Perhaps the government was right to avoid a lengthy public debate. It's nice to be able to skip the unwieldy "republic," and Czech language and history experts gave Czechia their approval. The world probably will get used to it and won't get it confused with the turbulent Russian region of Chechnya.
The Czech Republic needs a rebranding because it's a survivor -- of two world wars that redrew its borders, the collapse of the Soviet Bloc, then the 1993 divorce with Slovakia. Events such as these erode a country's identity and symbols. Many nations in Africa and Asia have renamed and rebranded themselves in search of a better fit with their emerging statehood. Here are a few countries that might want to study the Czech example:
- Slovakia and Slovenia. People mix them up. It doesn't help that Slovakia is called Slovensko in the Slovak language. There's even a website that explains the difference to foreigners. The tennis star Martina Hingis is from Slovakia, and Donald Trump's wife Melania is Slovenian -- but how many people know that? Both names speak of the countries' Slavic roots, but that makes them generic, poor descriptors of the two distinct cultures that hide behind them -- one Mediterranean and the other central European. The two countries should talk about disambiguation: Surely there are names in both cultures that would be more distinctive?
- Georgia. Apart from constant mix-ups with the U.S. state, Georgians lack true affinity with their country's English-language name, which is a medieval corruption of the Russian Gruzia (still in use in Russia). Georgians themselves call their country Sakartvelo -- a pretty name and much easier on an English speaker's tongue than, say, Hungary's self-description, Magyarorszag. Georgia has already tried to shed the Russian name that stuck to it in a number of languages, and it has persuaded the Japanese, for example, to give up "Gurujiya" -- but in favor of the confusing "Georgia." It would be better off making an effort to get "Sakartvelo" adopted.
- Macedonia. The name dispute is keeping the country out of the European Union and NATO. It's a matter of fierce national pride (polls show that Macedonians would rather not join than do so under a different name) and an important issue for a government that has put an enormous statue of Alexander III of Macedon, or Alexander the Great, in the center of the capital, Skopje. And yet the name dispute with Greece, which lays claim to Macedonian glory, is hurting the former Yugoslav republic more than it's hurting Greece. Only about half of all nations call Macedonia by its constitutional name, the other half is sticking to the Former Yugoslav Republic of Macedonia, or FYROM -- an unwieldy acronym and an unnecessary reminder of recent bloody history. It's time for the Macedonians to agree to one of the compromise options that have been discussed over the years -- Upper Macedonia or North Macedonia, for example.

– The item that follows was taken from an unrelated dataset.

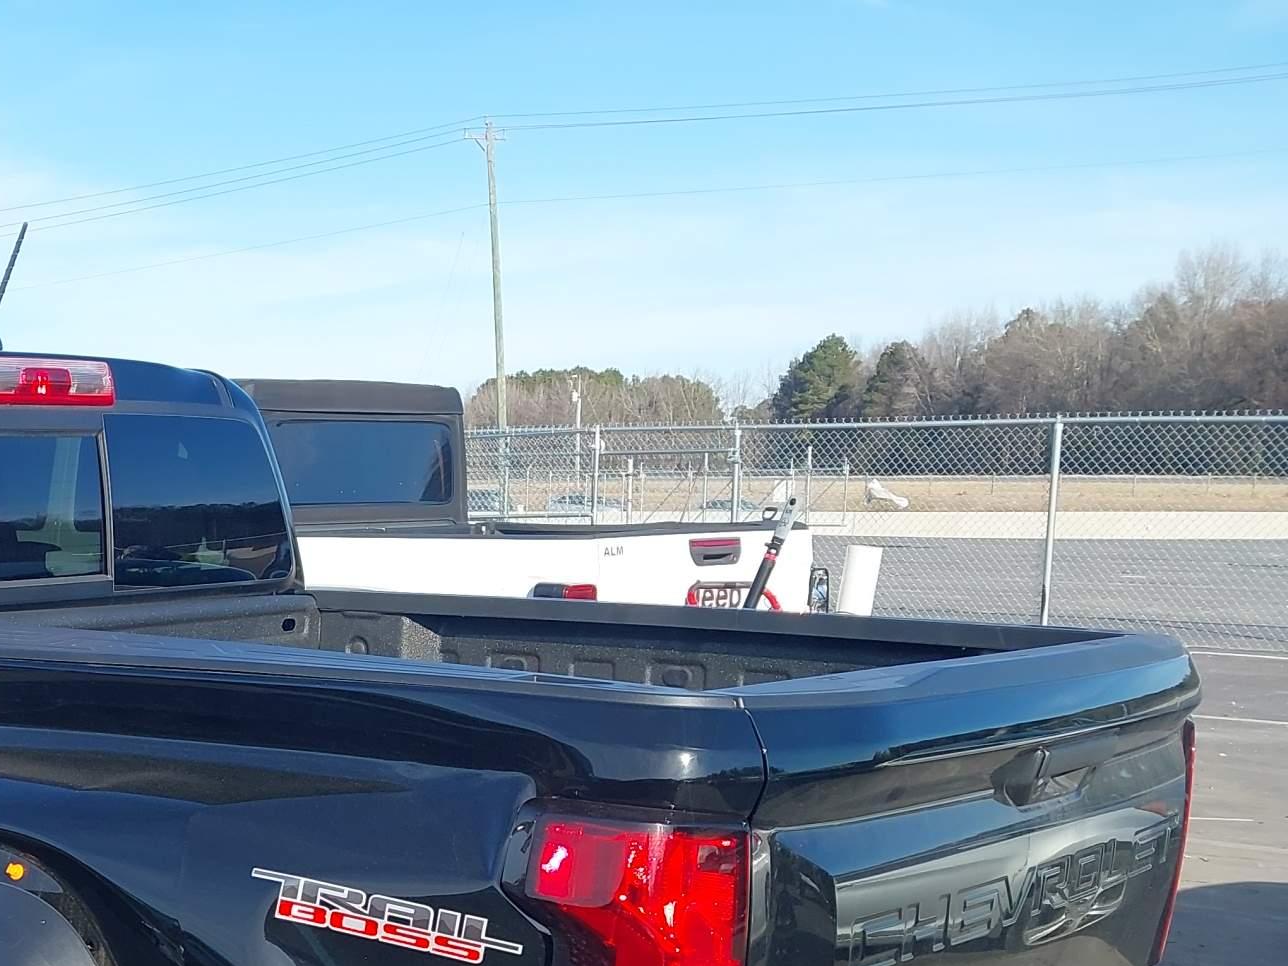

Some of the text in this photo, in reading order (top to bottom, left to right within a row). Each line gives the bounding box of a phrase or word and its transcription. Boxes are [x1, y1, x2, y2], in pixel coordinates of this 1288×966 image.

[603, 545, 624, 557] ALM
[251, 867, 523, 955] TRAIL
[274, 898, 485, 965] BOSS

- Kazakhstan. Two years ago, the country's president, Nursultan Nazarbayev, suggested getting rid of the "stan" and calling the country Kazak Eli (Kazakh Nation) so that his oil-rich, relatively modern and dynamic country wouldn't be lumped with other, less successful "stans." Like the Czechs, the Kazakhs had marketing considerations in mind. Yet the new name didn't take and Nazarbayev didn't return to the idea -- perhaps because the country's commodity wealth isn't particularly marketable under any name given the oil price meltdown.
There have been no big wars or upheavals in Europe for more than a quarter-century. Wiping the dust off some countries' names could produce more than a marketing effect: Europe and the post-Soviet space need to keep moving to shed their painful past.
This column does not necessarily reflect the opinion of the editorial board or Bloomberg LP and its owners.